Required work:
Since only the text is wanted, print every entry below exactly and omit the images.

Information provided:
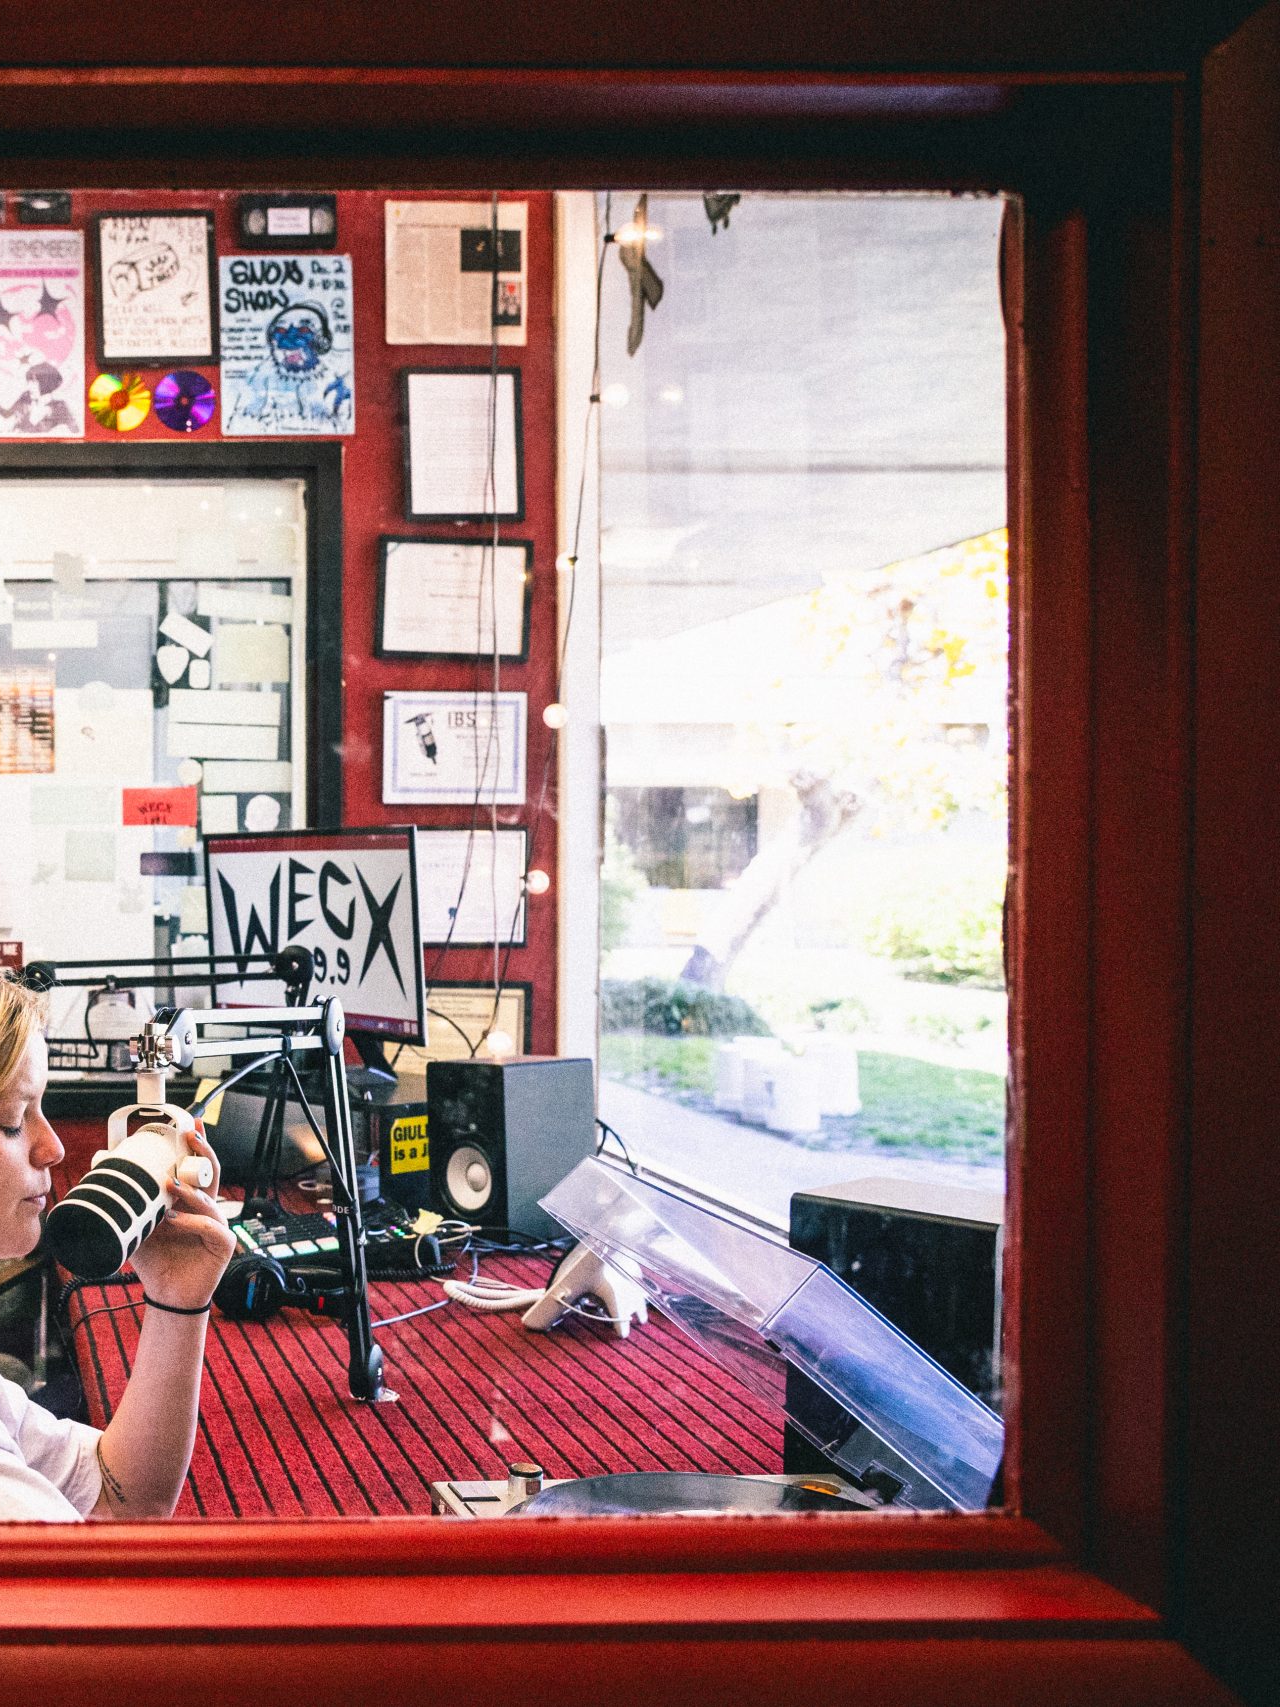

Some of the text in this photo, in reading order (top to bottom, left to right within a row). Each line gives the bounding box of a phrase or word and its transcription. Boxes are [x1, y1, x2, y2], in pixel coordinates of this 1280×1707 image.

[224, 287, 289, 313] SHOW
[394, 1146, 405, 1161] is
[409, 1147, 417, 1159] a
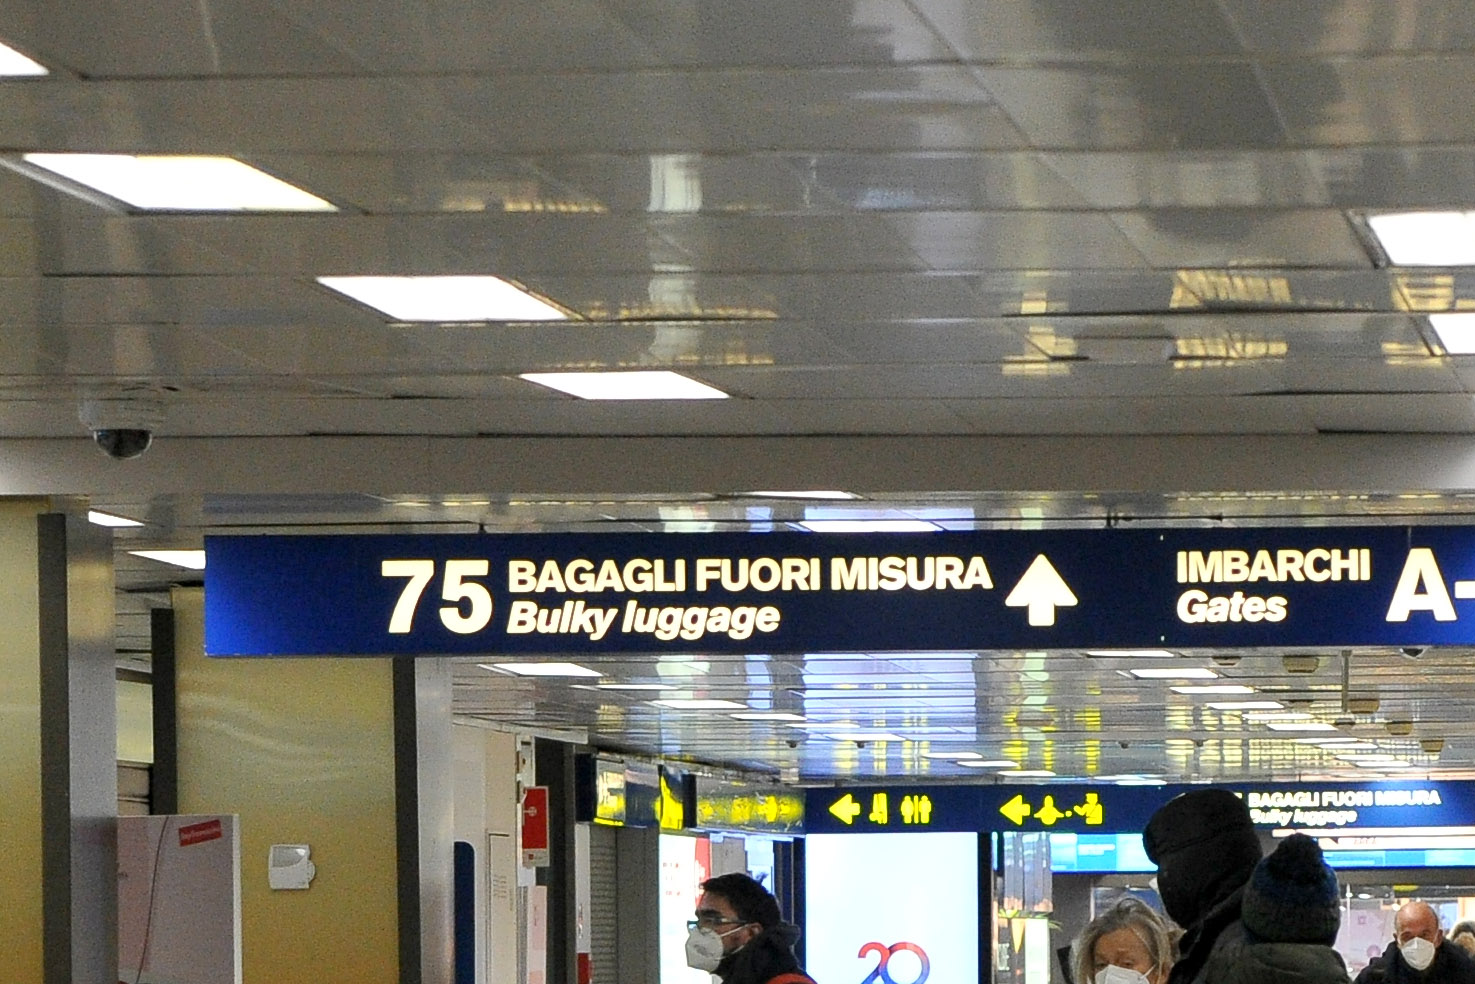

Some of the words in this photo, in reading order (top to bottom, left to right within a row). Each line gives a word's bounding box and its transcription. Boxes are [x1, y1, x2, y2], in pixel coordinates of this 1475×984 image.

[508, 558, 686, 593] BAGAGLI
[696, 557, 821, 592] FUORI
[830, 556, 994, 591] MISURA
[1176, 548, 1371, 584] IMBARCHI
[381, 559, 493, 634] 75
[1176, 589, 1288, 624] Gates
[507, 600, 616, 641] Bulky
[621, 599, 781, 641] luggage
[1321, 790, 1374, 806] FUORI
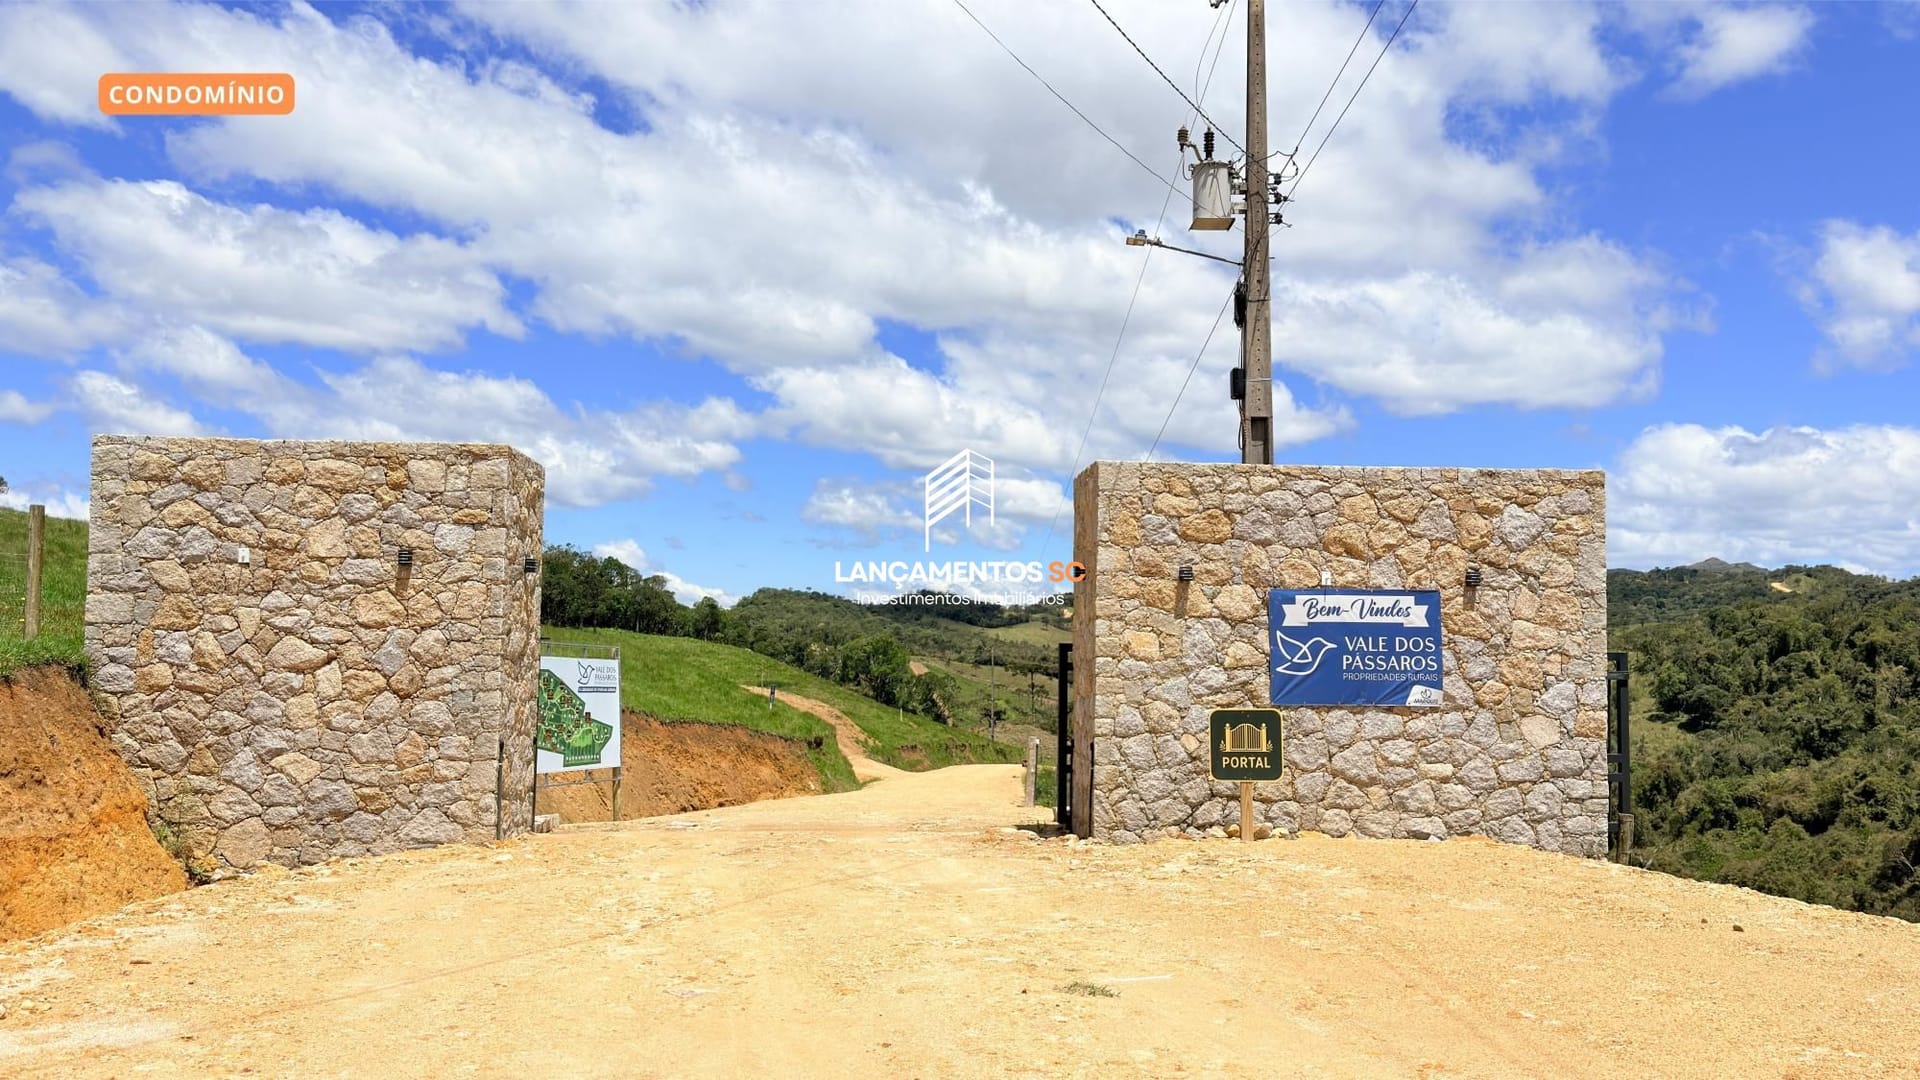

Exercise result:
Some of the text in this photo, in reading order (top to bottom, left to right within a row). Each line gives the bounding box of a phrase or word and its transcription. Boxes are [x1, y1, x2, y2], in pixel coordinates of this 1280×1707 image.

[224, 287, 289, 313] SHOW
[394, 1146, 405, 1161] is
[409, 1147, 417, 1159] a

Some of the words in this photo, in reading order (top to bottom, left to right within a row). Each line gives a word's bounding box and its transcription. Boxes are [x1, y1, x2, y2], in pixel coordinates of this 1475×984 image.

[508, 558, 686, 593] BAGAGLI
[696, 557, 821, 592] FUORI
[830, 556, 994, 591] MISURA
[1176, 548, 1371, 584] IMBARCHI
[381, 559, 493, 634] 75
[1176, 589, 1288, 624] Gates
[507, 600, 616, 641] Bulky
[621, 599, 781, 641] luggage
[1321, 790, 1374, 806] FUORI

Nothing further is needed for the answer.